The Office for National Statistics has released data from the Wealth and Assets Survey covering attitudes towards saving for retirement for the period July 2016 to Dec 2016. From Nathan Long – Senior Pension Analyst at Hargreaves Lansdown.
Investing in property is seen as the way of making most of your money: 49 percent now think investing in property is the method of saving for retirement that makes the most of their money (up from 40 percent from July 2010 to June 2012). By contrast only 20 percent think an employer pension makes the most of their money (down from 26 percent in July 2012 to June 2014).
Pensions are seen as secure ways of saving: Employer pensions remain the safest way to save for retirement (38 percent), with personal pensions seeing a rise in perceived security from 11 percent (July 2014 to June 2016) to 14 percent.
Confusion on the rise: Reasons for not being in a pension sees ‘I don’t know enough about pensions’ increase from 11 percent (July 2014 to June 2016) to 15 percent (July 2016 to December 2016).
Uncertain income: The State Pension leads the way in terms of anticipated income sources as you would expect, but 23 percent are expecting income from downsizing their property and 24 percent from an inheritance.
Retirement planning: There has been a decline in people expecting to retire before 65. In addition, 27 percent of 55 to 64 year olds have not thought how long they might need their savings to last in retirement.

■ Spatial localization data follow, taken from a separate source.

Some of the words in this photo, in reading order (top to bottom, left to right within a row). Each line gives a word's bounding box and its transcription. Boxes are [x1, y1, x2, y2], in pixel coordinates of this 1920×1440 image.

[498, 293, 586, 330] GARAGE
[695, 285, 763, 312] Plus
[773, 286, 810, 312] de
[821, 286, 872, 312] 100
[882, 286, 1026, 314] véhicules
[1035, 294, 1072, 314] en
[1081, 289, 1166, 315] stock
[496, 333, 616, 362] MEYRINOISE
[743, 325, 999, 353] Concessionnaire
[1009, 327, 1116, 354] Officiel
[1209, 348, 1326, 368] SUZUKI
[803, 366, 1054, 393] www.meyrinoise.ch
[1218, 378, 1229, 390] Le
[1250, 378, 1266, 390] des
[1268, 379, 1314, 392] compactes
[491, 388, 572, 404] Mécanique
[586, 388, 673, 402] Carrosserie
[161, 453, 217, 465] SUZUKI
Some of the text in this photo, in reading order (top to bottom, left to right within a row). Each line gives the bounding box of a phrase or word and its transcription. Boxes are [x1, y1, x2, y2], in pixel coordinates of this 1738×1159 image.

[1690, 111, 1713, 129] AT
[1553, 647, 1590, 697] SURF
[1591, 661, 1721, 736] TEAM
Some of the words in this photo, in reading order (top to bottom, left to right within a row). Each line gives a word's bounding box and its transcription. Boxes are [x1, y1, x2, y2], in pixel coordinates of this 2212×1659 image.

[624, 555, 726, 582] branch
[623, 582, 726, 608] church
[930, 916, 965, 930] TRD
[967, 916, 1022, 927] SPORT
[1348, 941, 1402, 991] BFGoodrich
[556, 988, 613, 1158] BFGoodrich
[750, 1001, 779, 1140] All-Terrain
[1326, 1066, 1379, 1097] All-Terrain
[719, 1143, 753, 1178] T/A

Nathan Long – Senior Pension Analyst at Hargreaves Lansdown: ‘Confusion with pension planning is worryingly on the rise. Investing in property is seen as the best way of making most of your money despite it being one of the least tax efficient ways to invest. More people are now citing a lack of understanding as the reason they are not in their workplace pension, even though auto-enrolment means most will not make any decisions whatsoever to join.
The tail end of the retirement journey also is starting to show signs of people expecting to work longer, but with more than a quarter of older people not properly planning their retirement the reality could be even more severe. As people live longer and the cost of social care rises, the likelihood of inheritances acting as additional income in retirement falls.’